--- START ---

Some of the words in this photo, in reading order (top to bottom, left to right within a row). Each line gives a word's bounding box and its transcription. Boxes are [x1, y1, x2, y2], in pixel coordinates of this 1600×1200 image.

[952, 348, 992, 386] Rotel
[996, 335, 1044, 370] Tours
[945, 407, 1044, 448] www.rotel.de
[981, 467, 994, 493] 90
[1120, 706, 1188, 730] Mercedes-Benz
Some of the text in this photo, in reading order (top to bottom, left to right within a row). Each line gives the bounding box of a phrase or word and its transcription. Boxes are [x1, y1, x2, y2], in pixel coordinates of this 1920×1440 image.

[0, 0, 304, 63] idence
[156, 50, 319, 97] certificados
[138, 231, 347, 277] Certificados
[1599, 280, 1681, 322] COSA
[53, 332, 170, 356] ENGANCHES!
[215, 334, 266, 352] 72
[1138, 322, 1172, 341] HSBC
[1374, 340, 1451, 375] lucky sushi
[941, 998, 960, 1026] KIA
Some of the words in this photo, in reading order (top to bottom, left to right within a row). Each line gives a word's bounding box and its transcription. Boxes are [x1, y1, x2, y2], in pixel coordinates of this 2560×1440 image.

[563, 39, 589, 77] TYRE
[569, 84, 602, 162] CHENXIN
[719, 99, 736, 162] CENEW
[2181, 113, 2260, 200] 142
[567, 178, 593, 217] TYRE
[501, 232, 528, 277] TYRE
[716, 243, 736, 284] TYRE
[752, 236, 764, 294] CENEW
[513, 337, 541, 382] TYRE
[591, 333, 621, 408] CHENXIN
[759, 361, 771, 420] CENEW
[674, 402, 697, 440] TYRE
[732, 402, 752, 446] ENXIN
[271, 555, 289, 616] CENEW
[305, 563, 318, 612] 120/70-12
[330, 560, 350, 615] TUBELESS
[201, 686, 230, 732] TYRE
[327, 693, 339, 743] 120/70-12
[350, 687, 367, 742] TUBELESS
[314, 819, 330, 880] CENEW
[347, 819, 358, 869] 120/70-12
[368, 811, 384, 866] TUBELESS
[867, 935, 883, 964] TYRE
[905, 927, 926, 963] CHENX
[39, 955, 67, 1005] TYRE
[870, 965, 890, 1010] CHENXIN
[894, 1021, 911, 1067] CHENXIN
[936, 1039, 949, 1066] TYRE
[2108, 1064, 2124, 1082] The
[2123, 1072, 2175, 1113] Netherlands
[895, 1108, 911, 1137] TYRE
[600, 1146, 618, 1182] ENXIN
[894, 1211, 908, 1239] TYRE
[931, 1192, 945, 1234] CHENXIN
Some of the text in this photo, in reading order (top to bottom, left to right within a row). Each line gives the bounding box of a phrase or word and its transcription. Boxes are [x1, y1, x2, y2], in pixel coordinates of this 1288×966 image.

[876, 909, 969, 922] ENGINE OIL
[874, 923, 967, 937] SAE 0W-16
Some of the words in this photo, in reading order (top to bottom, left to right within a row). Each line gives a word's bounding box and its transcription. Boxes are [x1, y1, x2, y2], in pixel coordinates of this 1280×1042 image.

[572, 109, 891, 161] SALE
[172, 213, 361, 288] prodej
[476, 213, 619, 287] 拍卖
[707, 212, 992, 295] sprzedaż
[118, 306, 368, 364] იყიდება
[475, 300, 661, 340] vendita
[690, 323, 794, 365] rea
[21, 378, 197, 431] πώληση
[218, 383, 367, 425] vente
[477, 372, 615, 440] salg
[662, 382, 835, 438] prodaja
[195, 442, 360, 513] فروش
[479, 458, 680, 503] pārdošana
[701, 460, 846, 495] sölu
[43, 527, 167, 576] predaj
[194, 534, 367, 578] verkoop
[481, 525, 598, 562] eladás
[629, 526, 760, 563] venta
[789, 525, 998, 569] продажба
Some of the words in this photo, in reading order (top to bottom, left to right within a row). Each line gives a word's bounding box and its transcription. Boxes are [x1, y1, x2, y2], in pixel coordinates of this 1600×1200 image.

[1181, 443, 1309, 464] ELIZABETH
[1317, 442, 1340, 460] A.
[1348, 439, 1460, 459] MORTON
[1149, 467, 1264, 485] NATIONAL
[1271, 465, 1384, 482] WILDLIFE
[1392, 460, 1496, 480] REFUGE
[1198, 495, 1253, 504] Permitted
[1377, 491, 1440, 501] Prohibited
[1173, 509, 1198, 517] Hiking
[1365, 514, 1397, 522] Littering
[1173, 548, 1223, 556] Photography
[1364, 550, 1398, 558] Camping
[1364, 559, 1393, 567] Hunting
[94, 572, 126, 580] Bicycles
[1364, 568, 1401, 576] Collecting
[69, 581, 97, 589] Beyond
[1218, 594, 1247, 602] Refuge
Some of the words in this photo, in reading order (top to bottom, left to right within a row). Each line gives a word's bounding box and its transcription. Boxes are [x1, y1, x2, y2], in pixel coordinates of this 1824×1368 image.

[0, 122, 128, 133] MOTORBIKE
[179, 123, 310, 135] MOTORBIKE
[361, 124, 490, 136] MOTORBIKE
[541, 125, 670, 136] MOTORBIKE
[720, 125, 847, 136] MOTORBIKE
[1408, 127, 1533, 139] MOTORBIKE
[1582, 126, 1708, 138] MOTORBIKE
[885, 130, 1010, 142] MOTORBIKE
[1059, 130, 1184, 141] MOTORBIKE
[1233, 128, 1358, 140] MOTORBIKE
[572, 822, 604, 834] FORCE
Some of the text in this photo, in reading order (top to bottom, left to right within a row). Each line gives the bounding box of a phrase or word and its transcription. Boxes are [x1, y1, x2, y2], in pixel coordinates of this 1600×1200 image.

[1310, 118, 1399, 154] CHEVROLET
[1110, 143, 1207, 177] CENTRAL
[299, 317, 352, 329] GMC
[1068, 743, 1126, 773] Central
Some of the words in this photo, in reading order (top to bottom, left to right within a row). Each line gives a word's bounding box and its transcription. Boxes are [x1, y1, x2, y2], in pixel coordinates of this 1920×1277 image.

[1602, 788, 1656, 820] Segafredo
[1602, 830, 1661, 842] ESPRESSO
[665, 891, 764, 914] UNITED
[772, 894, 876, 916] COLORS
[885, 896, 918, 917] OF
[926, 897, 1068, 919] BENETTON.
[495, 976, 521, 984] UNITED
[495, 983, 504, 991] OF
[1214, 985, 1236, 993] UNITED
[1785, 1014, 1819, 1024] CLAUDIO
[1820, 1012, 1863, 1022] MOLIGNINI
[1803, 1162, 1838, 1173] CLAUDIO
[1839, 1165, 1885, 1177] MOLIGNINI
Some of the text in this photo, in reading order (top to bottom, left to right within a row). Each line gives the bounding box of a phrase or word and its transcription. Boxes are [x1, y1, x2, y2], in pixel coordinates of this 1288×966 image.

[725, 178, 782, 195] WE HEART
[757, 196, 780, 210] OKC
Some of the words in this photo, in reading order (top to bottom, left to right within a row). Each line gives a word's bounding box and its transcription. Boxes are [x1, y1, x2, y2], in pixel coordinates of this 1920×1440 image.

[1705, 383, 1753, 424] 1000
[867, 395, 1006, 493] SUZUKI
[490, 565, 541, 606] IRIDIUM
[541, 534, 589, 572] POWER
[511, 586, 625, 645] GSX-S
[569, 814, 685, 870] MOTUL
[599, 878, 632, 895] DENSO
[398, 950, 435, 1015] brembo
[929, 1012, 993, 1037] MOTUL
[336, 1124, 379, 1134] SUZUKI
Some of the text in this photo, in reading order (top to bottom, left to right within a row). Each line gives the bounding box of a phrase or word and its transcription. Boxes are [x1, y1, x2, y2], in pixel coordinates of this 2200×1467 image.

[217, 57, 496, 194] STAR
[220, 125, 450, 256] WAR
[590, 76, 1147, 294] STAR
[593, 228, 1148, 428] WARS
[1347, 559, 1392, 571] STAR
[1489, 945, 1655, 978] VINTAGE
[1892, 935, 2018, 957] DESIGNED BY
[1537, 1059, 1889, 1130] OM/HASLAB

--- END ---

WHAT IS REQUIRED
Start printing at the line with "this 1920×1277 image." and stop after the final line of the listing above, keeping every line exact.

REPLY TO THE EXERCISE
Some of the words in this photo, in reading order (top to bottom, left to right within a row). Each line gives a word's bounding box and its transcription. Boxes are [x1, y1, x2, y2], in pixel coordinates of this 1920×1277 image.

[1602, 788, 1656, 820] Segafredo
[1602, 830, 1661, 842] ESPRESSO
[665, 891, 764, 914] UNITED
[772, 894, 876, 916] COLORS
[885, 896, 918, 917] OF
[926, 897, 1068, 919] BENETTON.
[495, 976, 521, 984] UNITED
[495, 983, 504, 991] OF
[1214, 985, 1236, 993] UNITED
[1785, 1014, 1819, 1024] CLAUDIO
[1820, 1012, 1863, 1022] MOLIGNINI
[1803, 1162, 1838, 1173] CLAUDIO
[1839, 1165, 1885, 1177] MOLIGNINI
Some of the text in this photo, in reading order (top to bottom, left to right within a row). Each line gives the bounding box of a phrase or word and its transcription. Boxes are [x1, y1, x2, y2], in pixel coordinates of this 1288×966 image.

[725, 178, 782, 195] WE HEART
[757, 196, 780, 210] OKC
Some of the words in this photo, in reading order (top to bottom, left to right within a row). Each line gives a word's bounding box and its transcription. Boxes are [x1, y1, x2, y2], in pixel coordinates of this 1920×1440 image.

[1705, 383, 1753, 424] 1000
[867, 395, 1006, 493] SUZUKI
[490, 565, 541, 606] IRIDIUM
[541, 534, 589, 572] POWER
[511, 586, 625, 645] GSX-S
[569, 814, 685, 870] MOTUL
[599, 878, 632, 895] DENSO
[398, 950, 435, 1015] brembo
[929, 1012, 993, 1037] MOTUL
[336, 1124, 379, 1134] SUZUKI
Some of the text in this photo, in reading order (top to bottom, left to right within a row). Each line gives the bounding box of a phrase or word and its transcription. Boxes are [x1, y1, x2, y2], in pixel coordinates of this 2200×1467 image.

[217, 57, 496, 194] STAR
[220, 125, 450, 256] WAR
[590, 76, 1147, 294] STAR
[593, 228, 1148, 428] WARS
[1347, 559, 1392, 571] STAR
[1489, 945, 1655, 978] VINTAGE
[1892, 935, 2018, 957] DESIGNED BY
[1537, 1059, 1889, 1130] OM/HASLAB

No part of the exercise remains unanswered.